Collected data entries
= Beginning of Section =
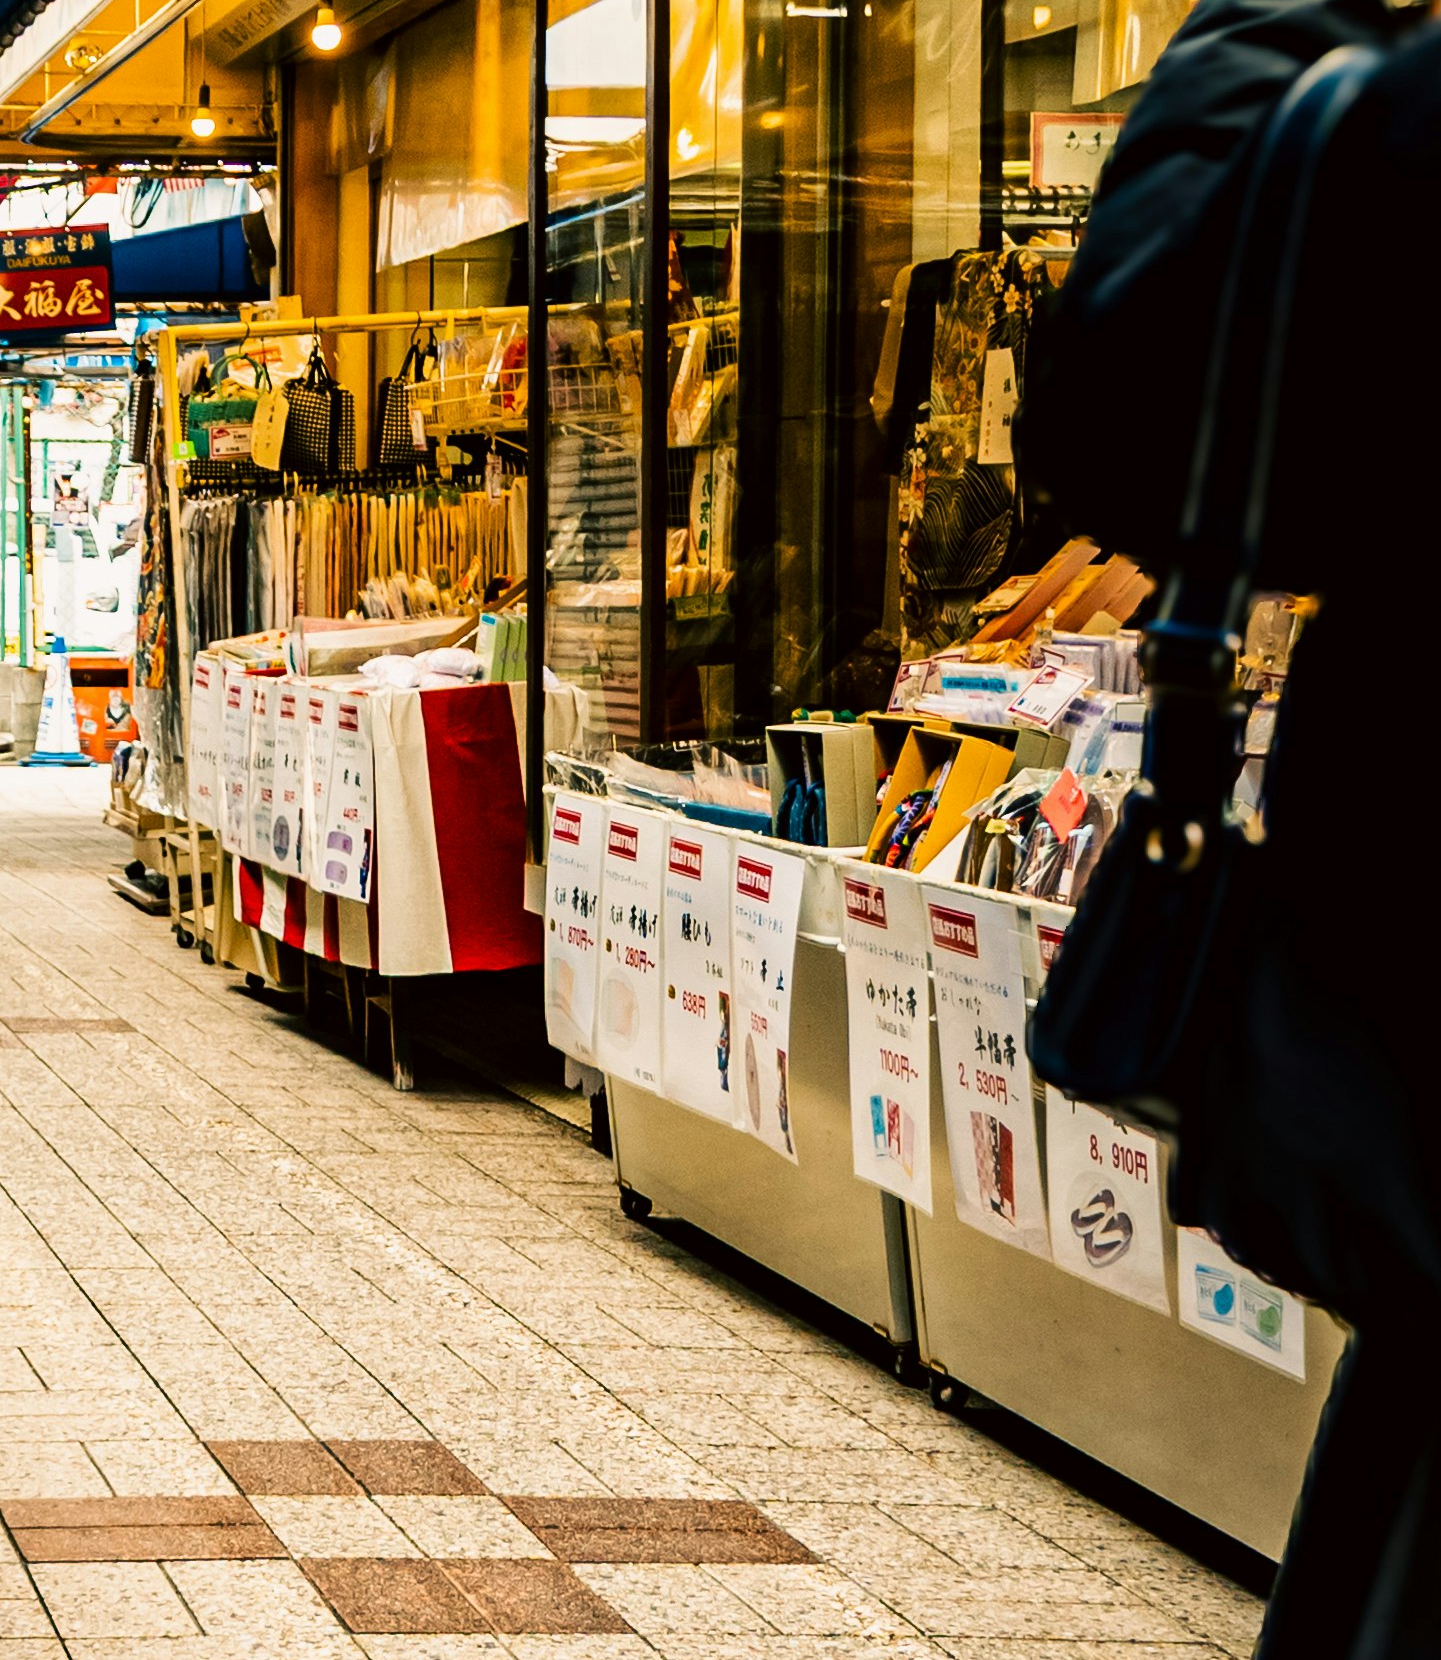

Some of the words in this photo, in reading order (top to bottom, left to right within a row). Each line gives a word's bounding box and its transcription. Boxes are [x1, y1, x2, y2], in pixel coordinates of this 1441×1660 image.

[6, 255, 71, 268] DAIFUKUYA
[682, 989, 706, 1020] 638円
[865, 977, 917, 1023] ゆかた帯
[940, 986, 981, 1017] おしゃれな
[974, 1024, 1017, 1072] 半幅帯
[1089, 1134, 1148, 1184] 8,910円
= End of Section =
## What the task requires
Please output every entry above exactly, without the pictures.

## Result of the task
Some of the words in this photo, in reading order (top to bottom, left to right within a row). Each line gives a word's bounding box and its transcription. Boxes are [x1, y1, x2, y2], in pixel coordinates of this 1441×1660 image.

[6, 255, 71, 268] DAIFUKUYA
[682, 989, 706, 1020] 638円
[865, 977, 917, 1023] ゆかた帯
[940, 986, 981, 1017] おしゃれな
[974, 1024, 1017, 1072] 半幅帯
[1089, 1134, 1148, 1184] 8,910円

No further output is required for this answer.